Col caro-emissioni arriva una stangata
Gli effetti pratici della direttiva Ue anti inquinamento. Dal primo gennaio 2013 le aziende pagheranno la CO2. I rincari finiranno nella bolletta della luce: fino al 10% - da La Stampa del 08.03.2010
10 March, 2010
Luca Fornovo
E’ come una pesantissima spada di Damocle. Che rischia di trasformarsi in una mazzata che costerà circa 2 miliardi di euro al settore elettrico italiano.
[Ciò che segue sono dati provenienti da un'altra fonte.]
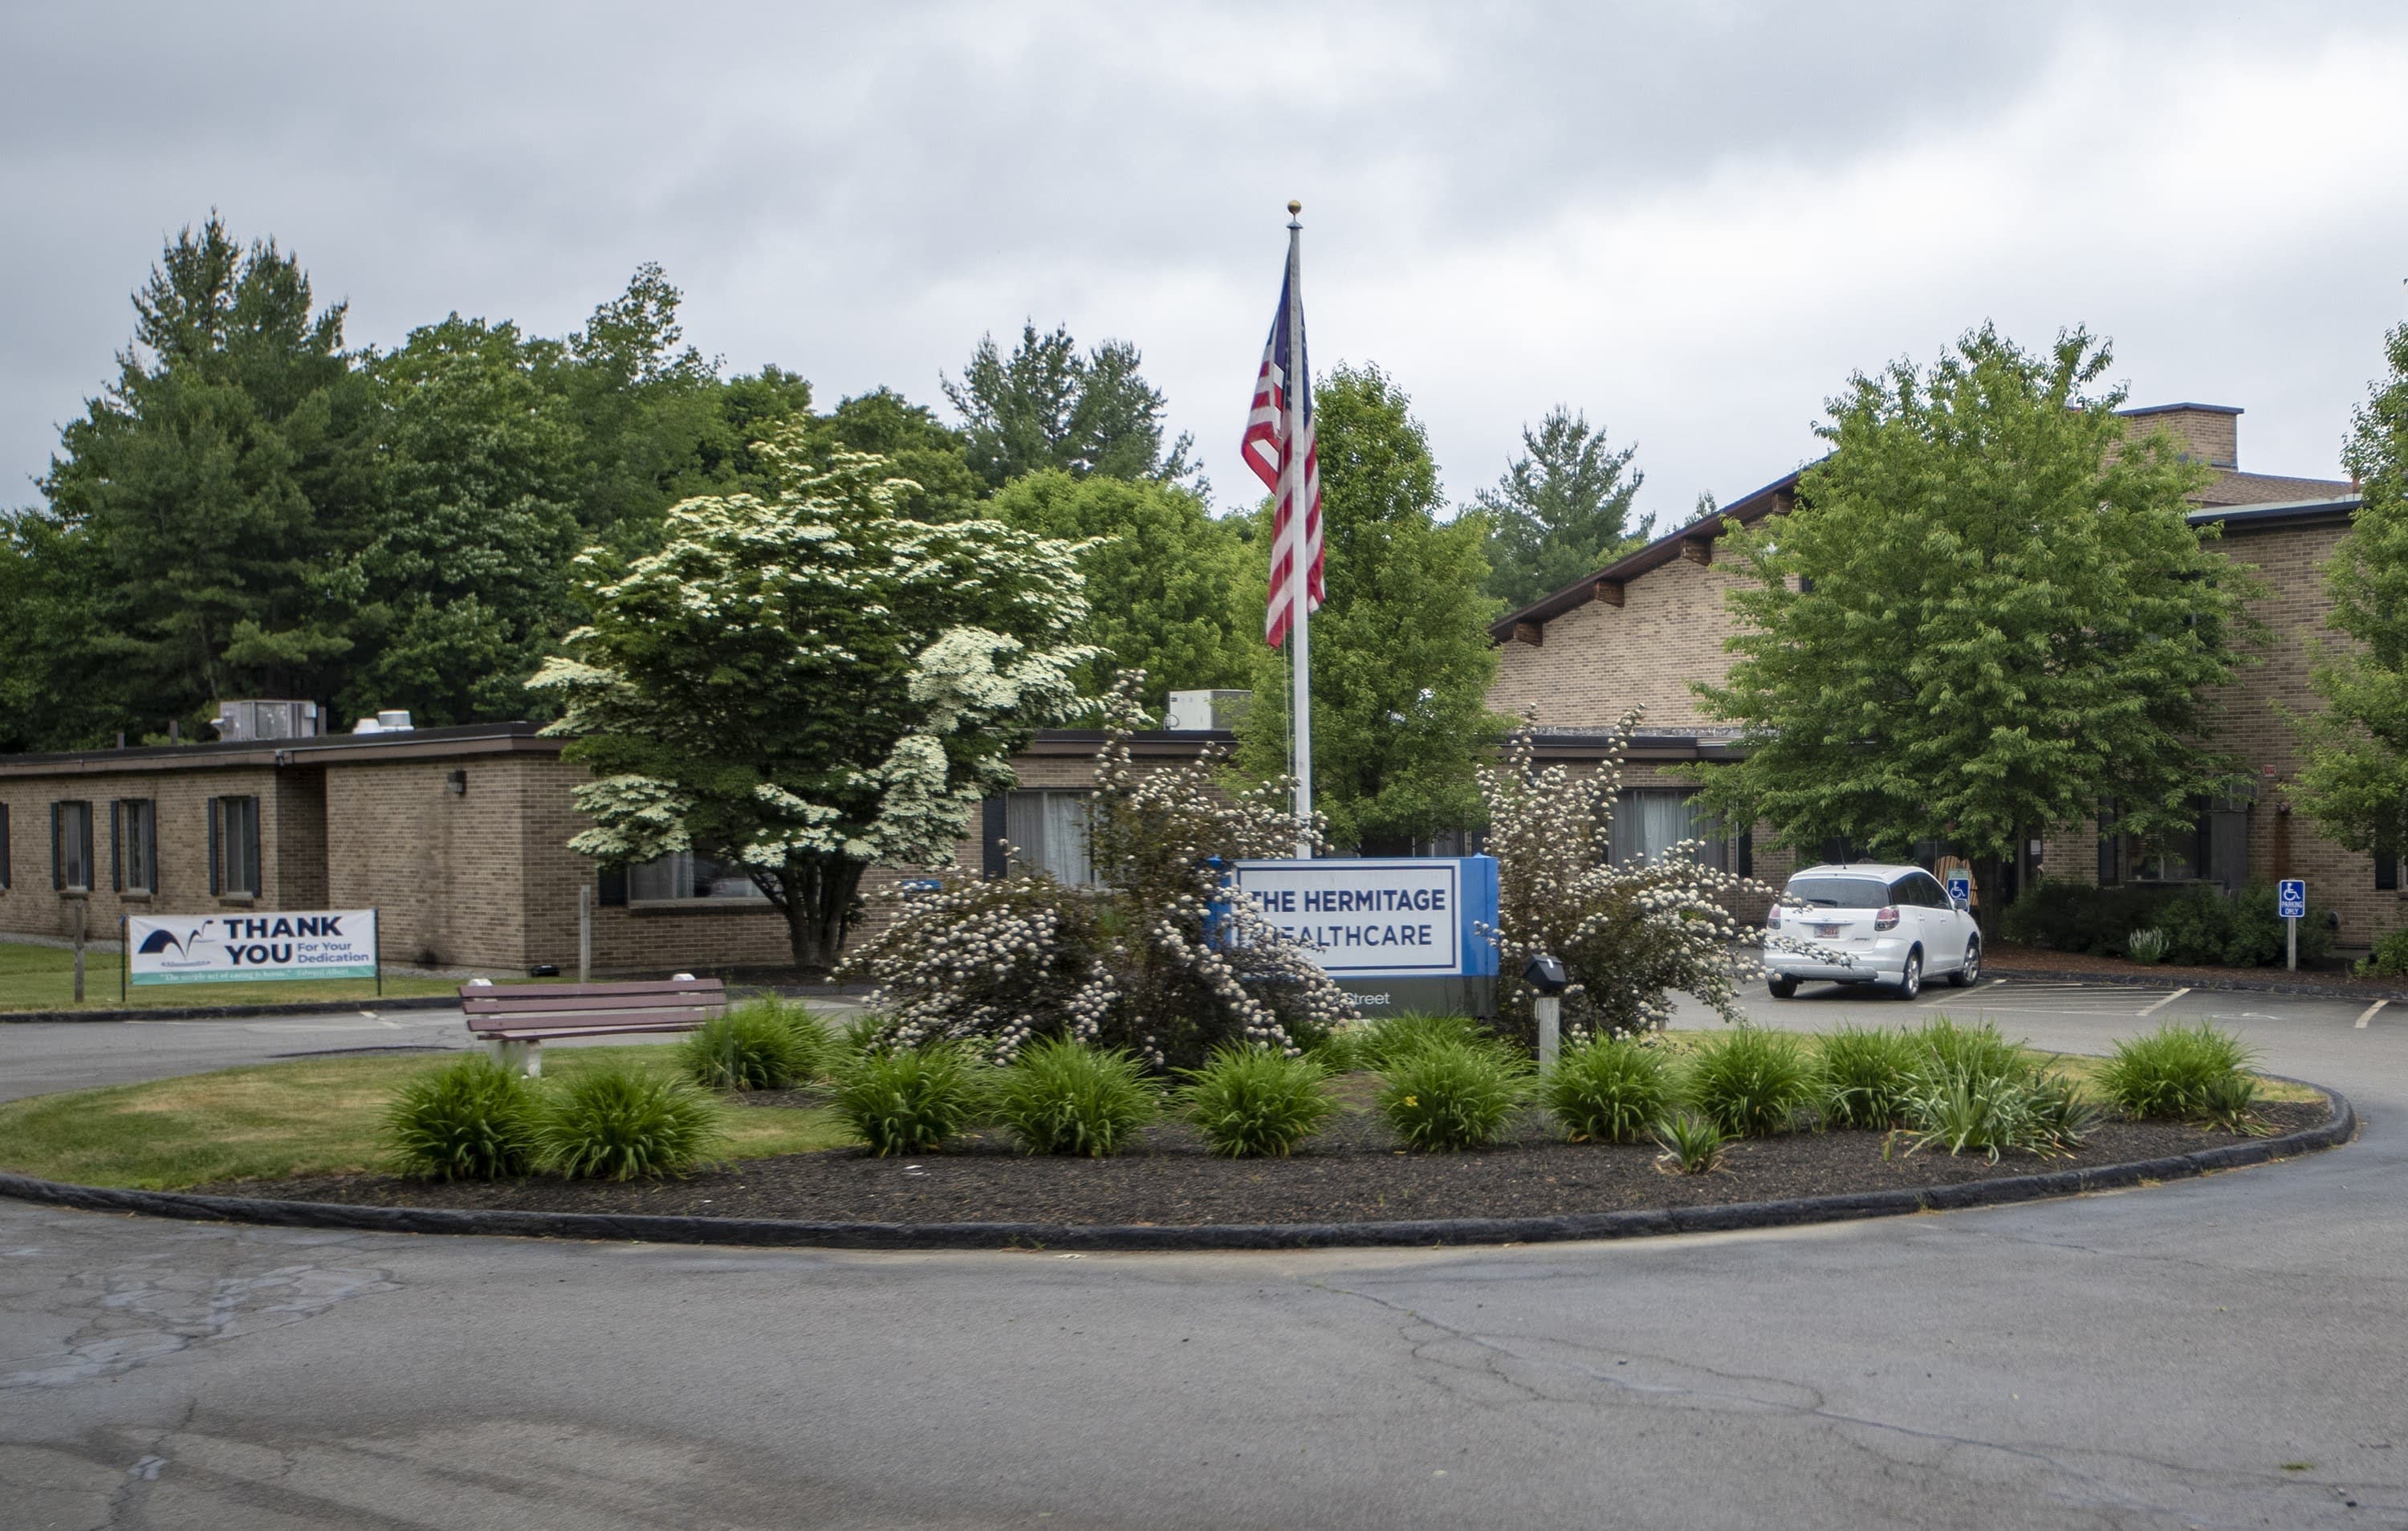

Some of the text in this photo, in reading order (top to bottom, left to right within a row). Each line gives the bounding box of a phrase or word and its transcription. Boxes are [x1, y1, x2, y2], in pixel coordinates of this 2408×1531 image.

[1305, 890, 1446, 912] HERMITAGE
[223, 914, 343, 939] THANK
[225, 943, 293, 965] YOU
[297, 942, 352, 952] For Your
[298, 952, 370, 963] Dedication
[1346, 992, 1391, 1005] Street
Secondo un’inchiesta condotta dalla Stampa, analizando i dati del settore e la normativa europea, è questo il prezzo che Enel, Edison, A2A, Acea, Iride, e le altre aziende di pubblici servizi (utility) che producono energia elettrica dovranno pagare per avere i permessi sufficienti a coprire le emissioni di anidride carbonica (CO2) e rispettare le misure del pacchetto Ue sul clima approvato dal Parlamento europeo.
Un problema che tocca molto da vicino anche i consumatori. Perché le compagnie elettriche per far fronte a questi costi ed evitare bilanci in rosso dovranno far lievitare le bollette della luce. Gli analisti stimano un aumento del 10% delle tariffe: in media una famiglia italiana arriverà a pagare 600 euro all’anno. Questa bomba a orologeria che ha già iniziato a ticchettare nelle direzioni finanziarie e negli uffici di pianificazione strategica delle principali utility del Belpaese scoppierà il primo gennaio del 2013. Da quel giorno, secondo una direttiva Ue, le aziende elettriche italiane saranno obbligate a pagare, in base a quanto previsto dal pacchetto sul clima, un terzo delle loro emissioni.
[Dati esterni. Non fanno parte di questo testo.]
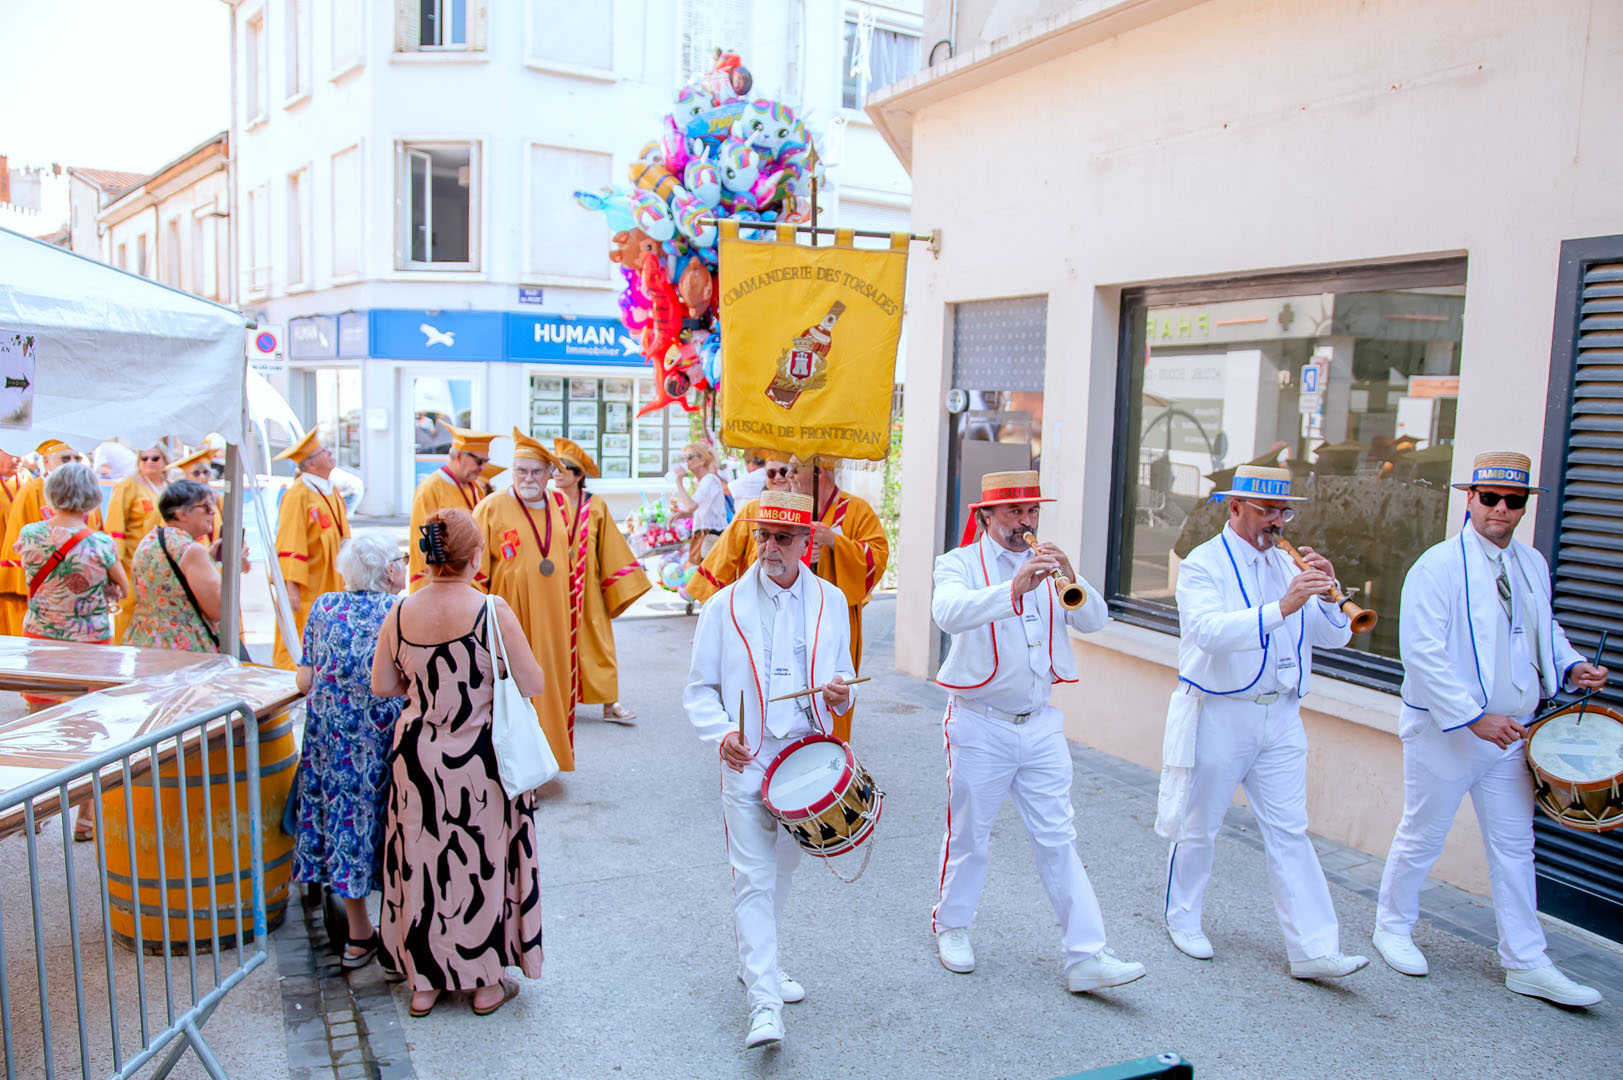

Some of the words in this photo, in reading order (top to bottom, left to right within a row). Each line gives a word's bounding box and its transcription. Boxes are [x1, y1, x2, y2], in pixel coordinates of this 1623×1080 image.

Per cercare di impedire o se non altro per alleviare questa mazzata da 2 miliardi, le compagnie elettriche stanno battendo due vie: da una parte promuovere una lobby a Bruxelles per cercare di ottenere prima del 2013 una revisione degli obiettivi di riduzione; l’altra via è quella di puntare sulla ricerca per sviluppare tecnologie sempre più sofisticate per la cattura dei gas serra e investire fuori dall’Ue, nei Balcani e in Cina, così da beneficiare, come stabilito dal Pacchetto Clima, di sconti sulle emissioni. Come prima azione di lobby trasversale può essere vista la recente presentazione a Bruxelles di uno studio McKinsey, commissionato da società energetiche come Enel, l’anglo-olandese Shell e la svedese Vattenfall, ma appoggiato anche dal Wwf. Gli esperti di Mickinsey evidenziano che è possibile in Italia una riduzione dei gas serra del 13% nel 2020, mentre per il 2030 si potrebbe raggiungere una quota pari al 35% rispetto ad un andamento in continuità con il trend attuale.
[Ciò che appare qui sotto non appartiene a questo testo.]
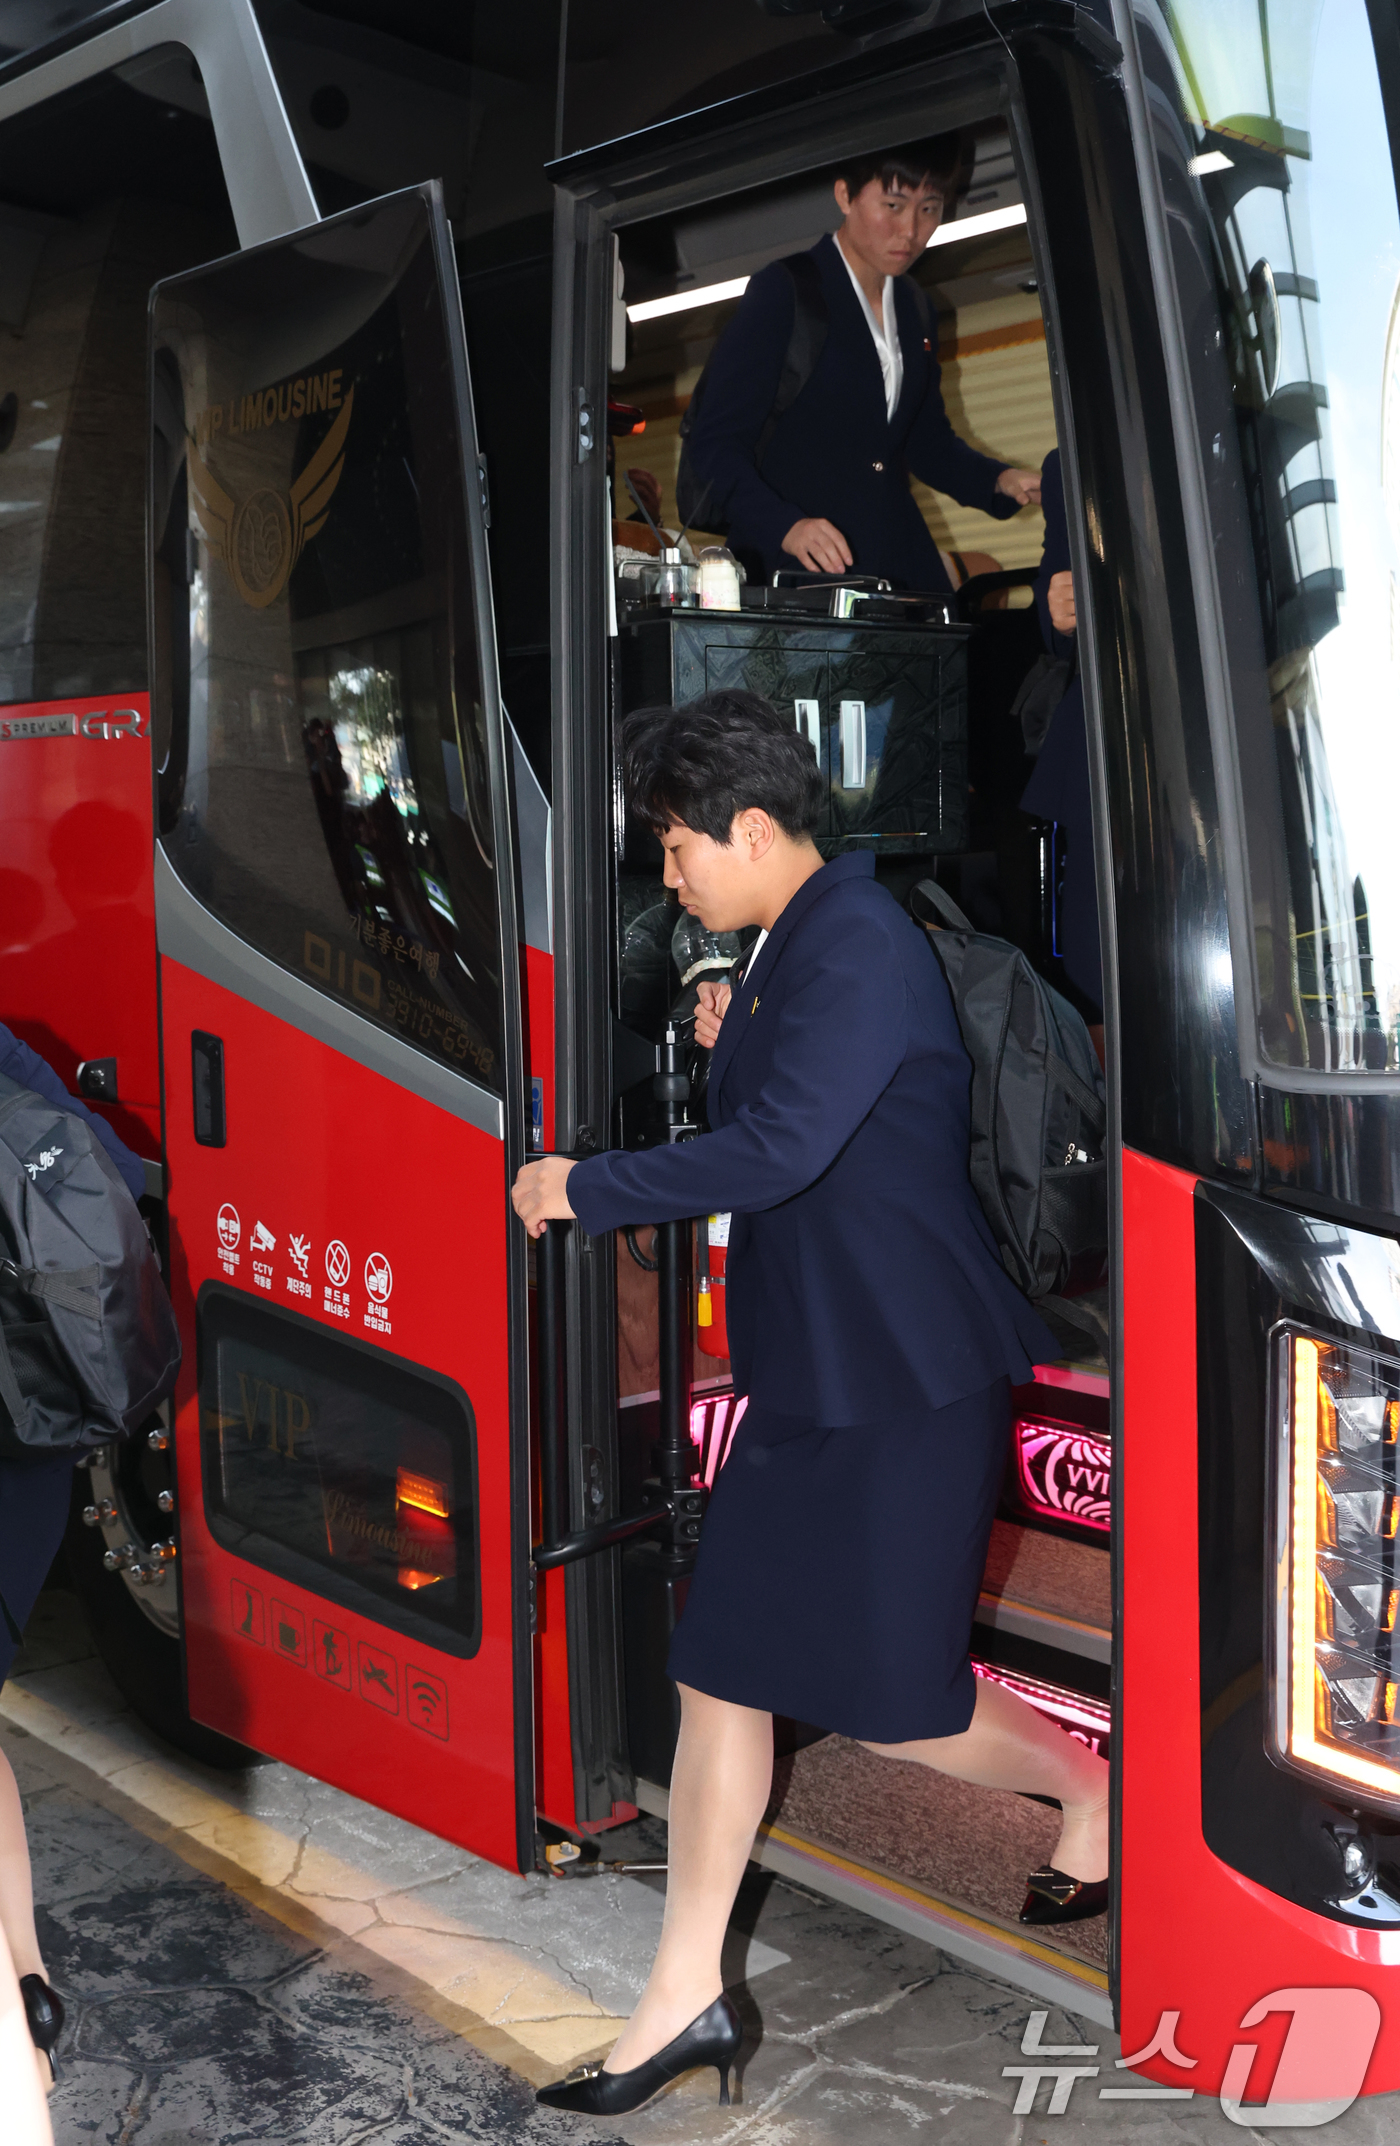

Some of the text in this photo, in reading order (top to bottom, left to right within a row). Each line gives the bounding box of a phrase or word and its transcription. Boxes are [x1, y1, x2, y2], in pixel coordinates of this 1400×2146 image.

Nel breve periodo - 2020 - le opportunità di calo delle emissioni sono legate al settore edile e ai trasporti, sfruttando tecnologie già reperibili sul mercato. Nel lungo periodo, invece, le opportunità di abbattimento si concentrano nel settore elettrico. Senza un massiccio ricorso al sistema Ccs di cattura della CO2 o al nucleare, gli obiettivi fissati dall’Ue, sintetizzati nella formula 20-20-20, possono essere già considerati irraggiungibili. Lo studio evidenzia infatti che, partendo da un livello di emissioni di CO2 di 610 milioni di tonnellate, il potenziale italiano di riduzione è di 86 Mt, inferiore quindi all’obiettivo dal pacchetto Clima dell’Ue fissato per 480 Mt. C’è un fortissimo gap di partenza.
Ma le imprese italiane si stanno muovendo anche per ridurre le emissioni di CO2 nei Paesi extra Ue. L’Italia potrà ricorrere fino al 50% dei tagli di anidride carbonica con eco-investimenti in Paesi non Ue, contro un tetto europeo del 20%. Il gruppo siciliano Moncada a dicembre ha firmato a Tirana un accordo per costruire centrali eoliche da 500 megawatt e per posare sotto l’Adriatico uan linea di alta tensione che porterà in Italia la corrente prodotta dal vento balcanico. Enel si è spinta nel Far East. Il gruppo ha firmato accordi con Pechino per sviluppare in Cina attività di cooperazione per promuovere centrali a carbone pulito. Se venissero applicati a tutte le nuove centrali cinesi a carbone, gli interventi dell’Enel avrebbero un potenziale di abbattimento di un miliardo di tonnellate di CO2 l’anno, rispetto a un totale di emissioni del parco termoelettrico cinese a carbone quantificato al 2015 superiore ai 4 miliardi di tonnellate all’anno. Sempre in Cina Enel ha un portafoglio di permessi di emissione originati da oltre 60 progetti di abbattimento di gas serra capaci di ridurre le emissioni di più di 70 milioni di tonnellate tra il 2007 ed il 2012.